Friday, March 29, 2024 | Toby Opferman
 

Protected Mode Introduction Part 1

Toby Opferman
http://www.opferman.net
programming@opferman.net




                        Protected Mode Tutorial

    This is for those who already know Real Mode Programming.  We start
off simple.  We will start off with Memory in Pmode, go onto Assembly
instructions, go from there to DPMI and from there to Direct Pmode &
how to set pmode manually. There are two differnt kinds of Pmode.  There
is Flat and Segmented.  In this tutor we will talk about Pmode in general.
This is not a Detailed Tutorail, this is a Quick n Dirty Tutorial made for
people who want to get right into Pmode w/o any hassels and can pick
up information quickly.


    In real mode, you note that Memory is addressed by 16bit Segments
and a 16-bit offset.  This allows you to access only 1 Meg of memory
(W/O the use of XMS/EMS).  In Protected mode, you can access 4 Gig segments.
To Get the Pmode address of a Real Mode location in memory.

PmodeAddress = SEG*16 + Offset.

Example:
  Let's say you used DOS4GW Extender (Flat Model, which just lets
you access everything in one big chunk) and you wanted to get the 8x8
Font out of Ram.  F000:FA6E  is the location.  To get the Pmode location
you must   (F000 * 16) + FA6E.    Now you have the Pmode Address.

FFA6Eh
another Exmaple:

Video Segment is A000:0000
Pmode Address is A0000

You could also just SHIFT the segment Left by 4 bits.

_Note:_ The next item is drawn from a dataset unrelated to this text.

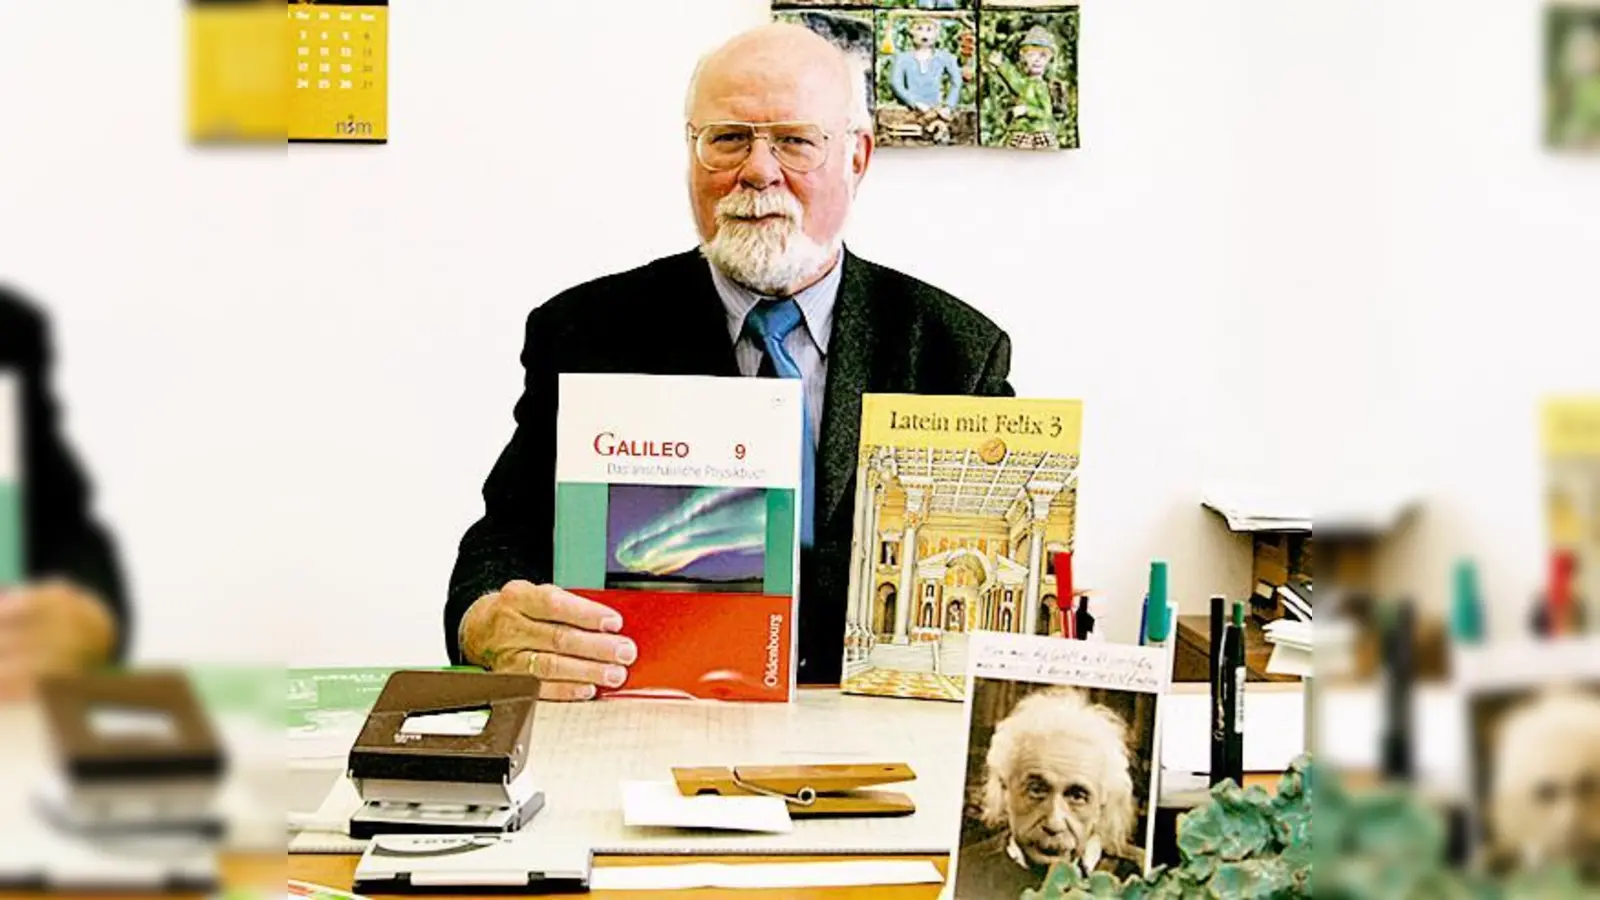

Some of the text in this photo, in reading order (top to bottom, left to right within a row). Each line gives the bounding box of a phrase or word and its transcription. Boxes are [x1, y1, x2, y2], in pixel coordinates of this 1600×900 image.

    Assembly is a bit differnt in Pmode.  There are a lot of new commands
and a lot of new SHIT that you can do with some old commands.  We will not
go into this that much, we will just go into the new style of programming.

 First, You don't TOUCH any segment registers
   ES, DS, CS, FS, GS.
Those are ONLY to be touched by the Operating System (Or DOS Extender).

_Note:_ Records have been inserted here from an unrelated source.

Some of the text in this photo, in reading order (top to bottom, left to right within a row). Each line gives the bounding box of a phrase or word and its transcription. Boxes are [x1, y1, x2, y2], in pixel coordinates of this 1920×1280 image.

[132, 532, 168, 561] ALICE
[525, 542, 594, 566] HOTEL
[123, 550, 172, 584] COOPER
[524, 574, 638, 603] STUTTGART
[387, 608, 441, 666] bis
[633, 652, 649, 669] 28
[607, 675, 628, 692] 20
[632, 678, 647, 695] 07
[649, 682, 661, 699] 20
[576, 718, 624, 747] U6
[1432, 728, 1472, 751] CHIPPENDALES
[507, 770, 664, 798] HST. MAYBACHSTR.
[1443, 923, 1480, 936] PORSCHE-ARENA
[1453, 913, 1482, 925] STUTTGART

 To acces memory in your Segment:

   MOV EDI, 0A0000h
   MOV [EDI], AL

 For the most part, if you are using a DOS extender, they are all pointing
 to the same segment (ES=CS=DS) So you don't have to worry about casting
 any of the Memory Operations.  If you were designing an OS you would have to
 know more details about this.

 *DPMI* (Dos Protected Mode Interrupt)
   Dos Extenders Like DOS4GW use this.

 You may not call any 16-Bit Real Mode Interrupt that has 16-bit code.
 You will have to use the Register Structure and allocate Low Dos Memory.
 An interrupt that takes memory as input or returns it will have to be called
 through interrupt 31h.  Some interrupts (Though you are still not supposed
 to) you may get away with calling them directly.  Such are any interrupt
 that does not take a pointer to a block of memory or return one.
    EXAMPLE:
       MOV AX, 13h
       INT 10h
 Setting Mode 13h can be called just like the way above.

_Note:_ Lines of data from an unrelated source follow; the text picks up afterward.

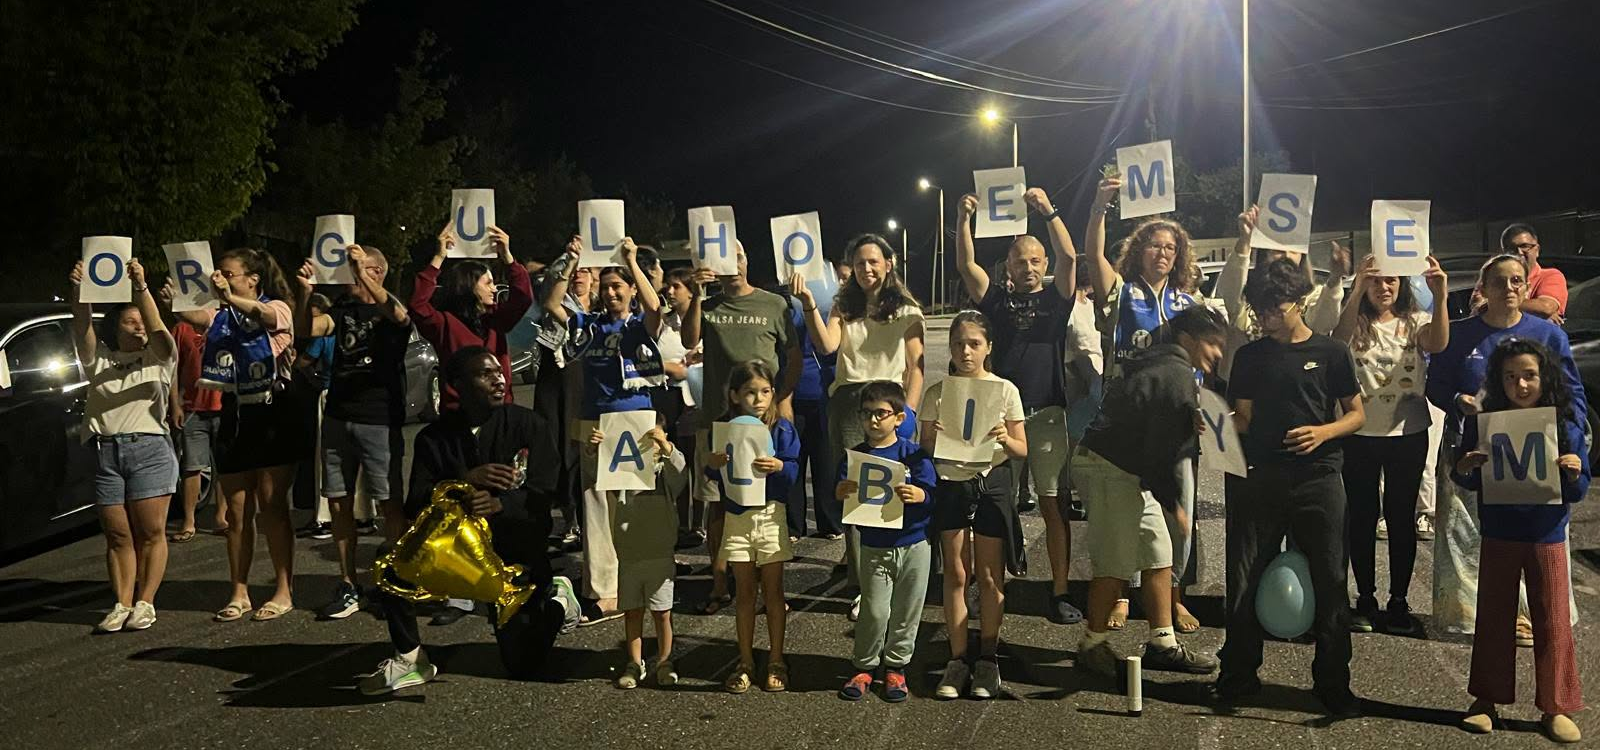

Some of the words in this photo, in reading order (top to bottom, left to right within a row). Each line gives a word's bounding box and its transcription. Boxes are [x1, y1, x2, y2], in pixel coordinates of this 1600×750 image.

[1127, 160, 1166, 201] M
[988, 185, 1018, 221] E
[1268, 192, 1300, 232] S
[456, 205, 485, 242] U
[590, 217, 616, 252] L
[697, 224, 727, 260] H
[1386, 219, 1418, 258] E
[316, 232, 347, 268] G
[783, 231, 815, 266] O
[89, 252, 124, 287] O
[177, 260, 209, 294] R
[704, 314, 733, 325] SALSA
[737, 315, 768, 326] JEANS
[963, 398, 975, 441] I
[1201, 408, 1225, 452] Y
[608, 431, 644, 472] A
[726, 443, 753, 485] L
[1491, 432, 1548, 482] M
[858, 462, 893, 506] B

    The Structure (In C)  
 
/* Real Mode Registers Structure */
typedef struct rmode_type {
   long EDI;
   long ESI;
   long EBP;
   long reserved;
   long EBX;
   long EDX;
   long ECX;
   long EAX;
   short flags;
   short ES, DS, FS, GS, IP, CS, SP, SS;
} RMI, *RMIPtr;

Function 1 Subfuntion 0h
  Allcoate Low Dos Memory.

  It will return a Segment into the allocated memory.
  The offset of the memory will always be 0.

  MOV EBX, Size Of Memory To Be Allocated
  MOV EAX, 100h   ; Allocate Dos Memory
  ADD EBX, 15     ; Add 15 To The Size
  SHR EBX, 4      ; & Shift Over By 4 (Memory Can only be alloced in 16 Byte
                  ; Pages. Thus if you wanted 1 byte of memory, you would
                  ; actually allocated 16 bytes
                  ; 1 + 15 = 10h >>4 = 1 page (16 Bytes).
  INT 31h         ; Call Interrupt 31h
  JNC SHORT Done       ; No Carry, then Allocated
  XOR AX, AX           ; No Memory Free (Set AX = 0

    If AX = 0 here, then memory was not allocated.
    DX = Selector for Memory (We Will talk about Selectors later)
          Save the Selector for the Memory for when you deallocate
          the Memory.

  To Set The object (In C) To the memory,
  Let's say you have a Object of type struct Thing.

  struct Thing *ThingObject;
  short Selector, Segment;

  Segment = AllocateDosMemory(&Selector, sizeof(Thing));

  ThingObject = Segment<<4;
  Now, you shift the Segment by 4 and assign that value to your ThingObject.
  Because Seg*16 + Offset and your offset will be 0.

  Save the Selector for when you deallocate memory.
  Now, when writting to the RMI strucutre:

  Let's say for example that ThingObject was VESA Information structure.
  And you wanted to call Function 4Fh subfunction 1 of INT 10h

  RMI X;

  X.EAX = 0x4F01;  // Set the Function/Subfunction
  X.ECX = 0x101;   // CX = SVGA Mode 
  X.EDI = 0;       // ES:DI Points to VESA structure
  X.ES = Segment;   

  That is how you set up the structure.

  MOV EDI, Address of X
  MOV EBX, 10h      ; Real Mode Interrupt To Call

  PUSH ES           ; Save ES
  MOV EAX, 300h     ; Function 3h SubFunction 0 - Call Real Mode INT
  XOR ECX, ECX      
  INT 31h           
  JNC SHORT NoError ; Carry Flag Set? There is Error.
  XOR EAX, EAX      ; Error, Set EAX = 0
  JMP SHORT Done    
  NoError: MOV EAX, 1 ; No Error, set EAX != 0
  Done:
  POP ES

  If EAX = 0, Then there was an error.

  Now your structure should have the information the interrupt
  was supposed to put in it.

  To Free The Memory, All you need is the Selector.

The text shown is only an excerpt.